### Problem to work on
Your reply should hold every entry below exactly as written and none of the pictures.

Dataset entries
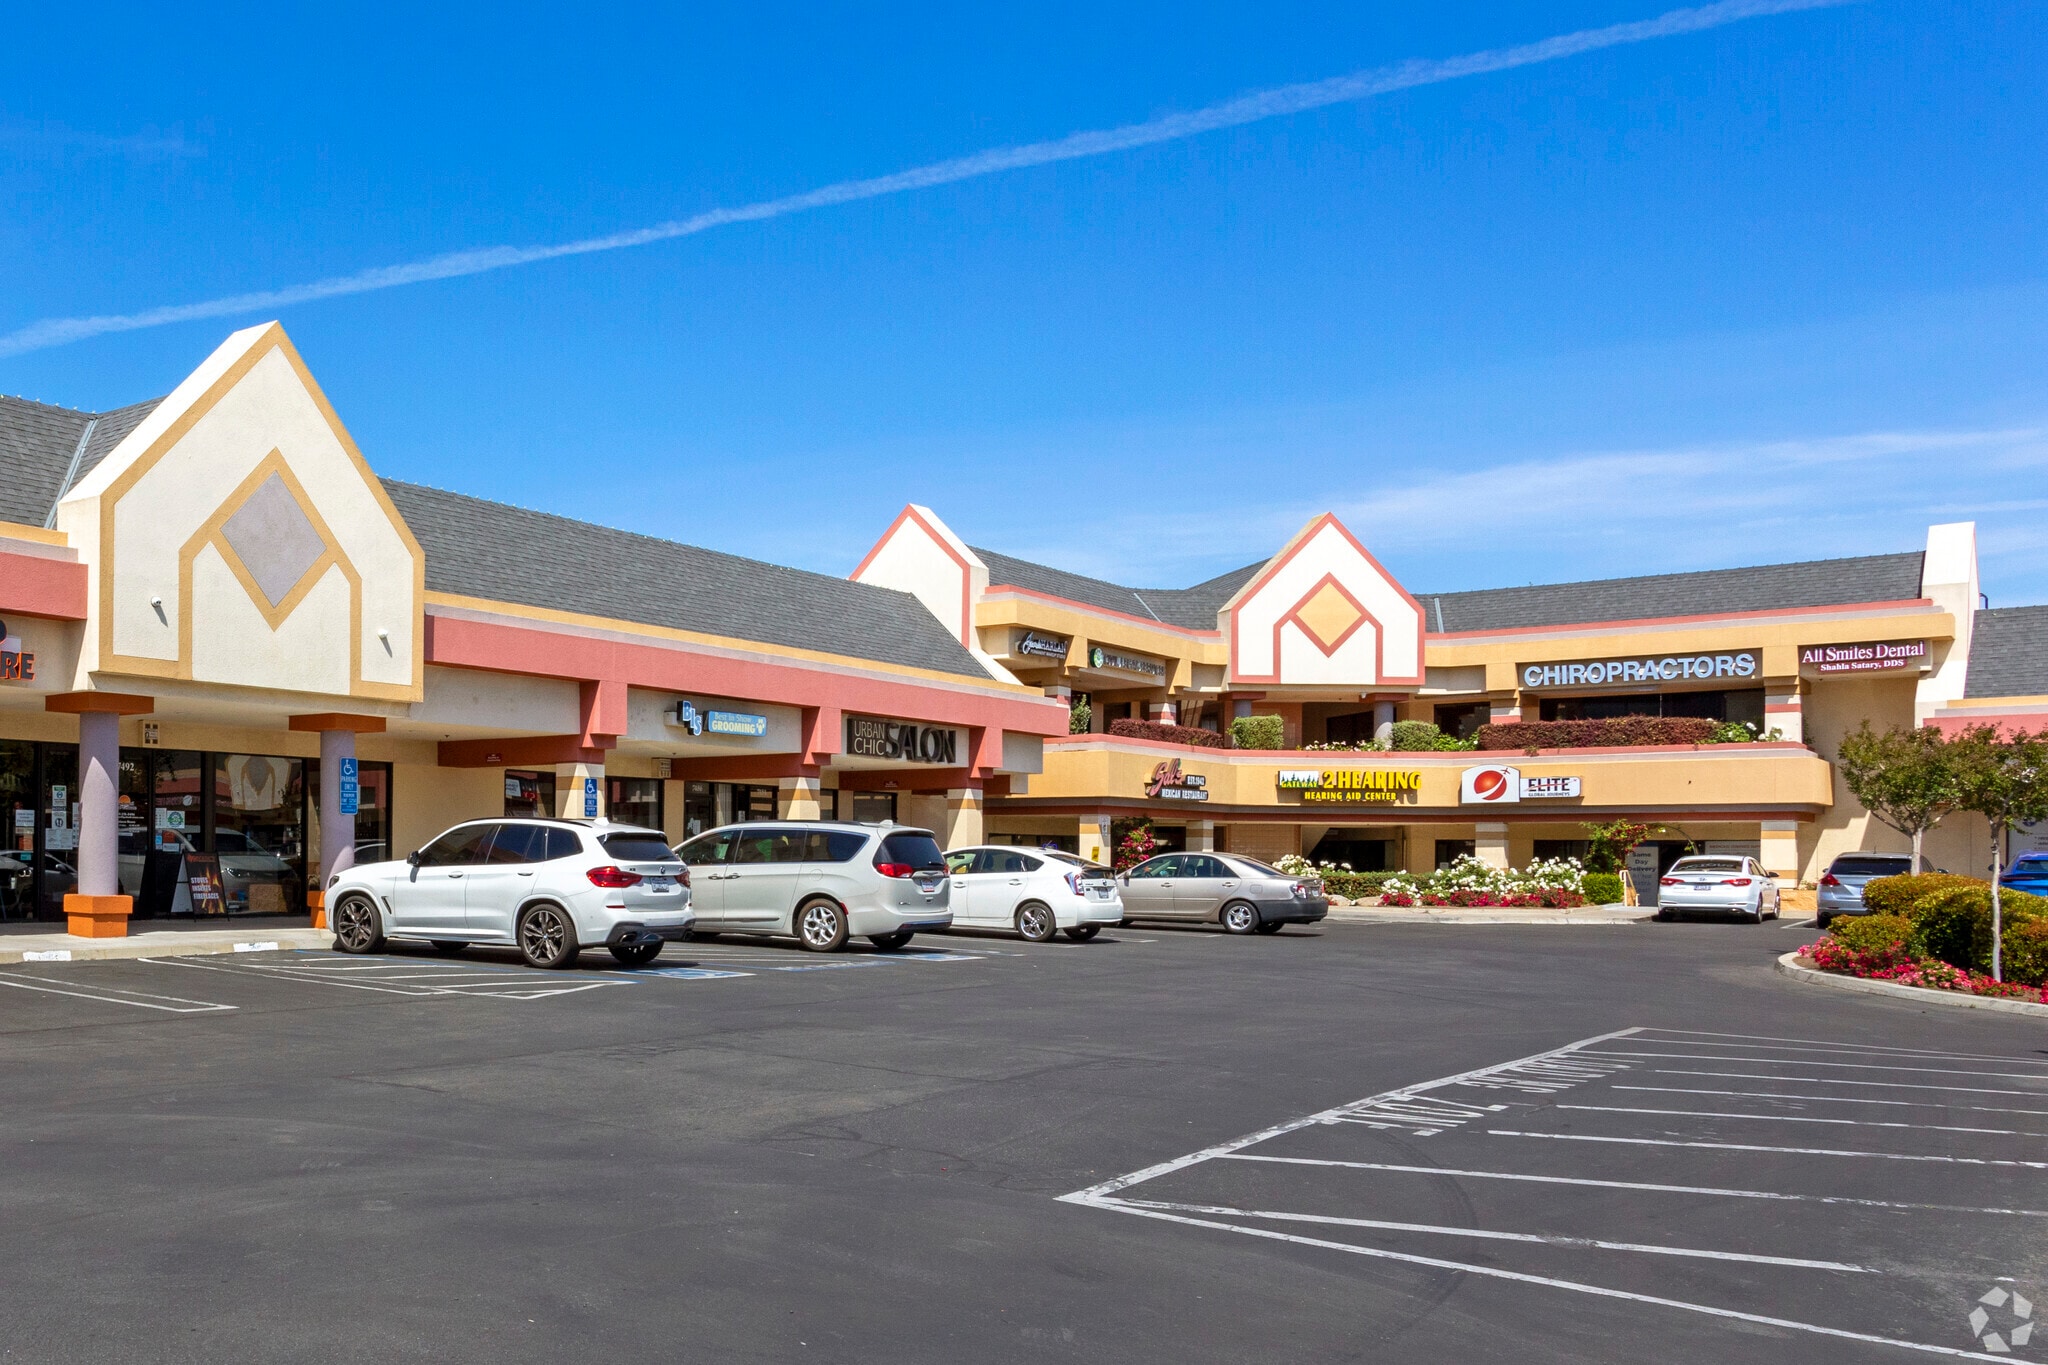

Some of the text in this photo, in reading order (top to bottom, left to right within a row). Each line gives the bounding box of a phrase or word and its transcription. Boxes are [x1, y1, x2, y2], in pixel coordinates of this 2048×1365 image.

[1801, 640, 1924, 663] All Smiles Dental
[1524, 653, 1755, 687] CHIROPRACTORS
[1820, 659, 1904, 672] Shahla Satary, DDS
[682, 700, 702, 736] BIS
[714, 712, 728, 721] Best
[712, 720, 756, 734] GROOMING
[854, 720, 956, 764] URBAN SALON
[854, 737, 885, 756] CHIC
[1322, 770, 1334, 789] 2
[1337, 770, 1421, 790] HEARING
[1528, 777, 1571, 792] ELITE
[1161, 788, 1208, 801] MEXICAN RESTAURANT
[1304, 791, 1397, 801] HEARING AID CENTER

### Written solution
Some of the text in this photo, in reading order (top to bottom, left to right within a row). Each line gives the bounding box of a phrase or word and its transcription. Boxes are [x1, y1, x2, y2], in pixel coordinates of this 2048×1365 image.

[1801, 640, 1924, 663] All Smiles Dental
[1524, 653, 1755, 687] CHIROPRACTORS
[1820, 659, 1904, 672] Shahla Satary, DDS
[682, 700, 702, 736] BIS
[714, 712, 728, 721] Best
[712, 720, 756, 734] GROOMING
[854, 720, 956, 764] URBAN SALON
[854, 737, 885, 756] CHIC
[1322, 770, 1334, 789] 2
[1337, 770, 1421, 790] HEARING
[1528, 777, 1571, 792] ELITE
[1161, 788, 1208, 801] MEXICAN RESTAURANT
[1304, 791, 1397, 801] HEARING AID CENTER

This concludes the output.